A n ovel glycoside hydrolase (GH) family 46 chitosanase (SaCsn46A) from Streptomyces avermitilis was cloned and functionally expressed in Escherichia coli Rosetta (DE3) strains. SaCsn46A consists of 271 amino acids, which includes a 34-amino acid signal peptide. The protein sequence of SaCsn46A shows maximum identity (83.5%) to chitosanase from Streptomyces sp. SirexAA-E. Then, the mature enzyme was purified to homogeneity through Ni-chelating affinity chromatography with a recovery yield of 78% and the molecular mass of purified enzyme was estimated to be 29 kDa by SDS-PAGE. The recombinant enzyme possessed a temperature optimum of 45 degrees C and a pH optimum of 6.2, and it was stable at pH ranging from 4.0 to 9.0 and below 30 degrees C. The K-m and V-max values of this enzyme were 1.32 mg/mL, 526.32 U/mg/min, respectively (chitosan as substrate). The enzyme activity can be enhanced by Mg2+ and especially Mn2+, which could enhance the activity about 3.62-fold at a 3-mM concentration. The enzyme can hydrolyze a variety of polysaccharides which are linked by beta-1,4-glycosidic bonds such as chitin, xylan, and cellulose, but it could not hydrolyze polysaccharides linked by alpha-1,4-glycosidic bonds.
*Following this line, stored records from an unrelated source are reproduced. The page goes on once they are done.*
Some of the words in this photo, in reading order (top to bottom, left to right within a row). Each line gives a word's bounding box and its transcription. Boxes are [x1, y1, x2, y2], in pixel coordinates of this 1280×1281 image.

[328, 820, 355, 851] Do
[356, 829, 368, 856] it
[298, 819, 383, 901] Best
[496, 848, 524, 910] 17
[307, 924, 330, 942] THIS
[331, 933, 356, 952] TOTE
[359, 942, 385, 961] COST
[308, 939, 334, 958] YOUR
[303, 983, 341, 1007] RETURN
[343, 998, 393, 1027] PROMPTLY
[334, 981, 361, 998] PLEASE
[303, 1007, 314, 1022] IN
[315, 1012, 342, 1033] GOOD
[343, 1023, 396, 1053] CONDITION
The results of thin-layer chromatography and HPLC showed that the enzyme exhibited an endo-type cleavage pattern and could hydrolyze chitosan to glucosamine (GlcN) and (GlcN)(2). This study demonstrated that SaCsn46A is a promising enzyme to produce glucosamine and chitooligosaccharides (COS) from chitosan.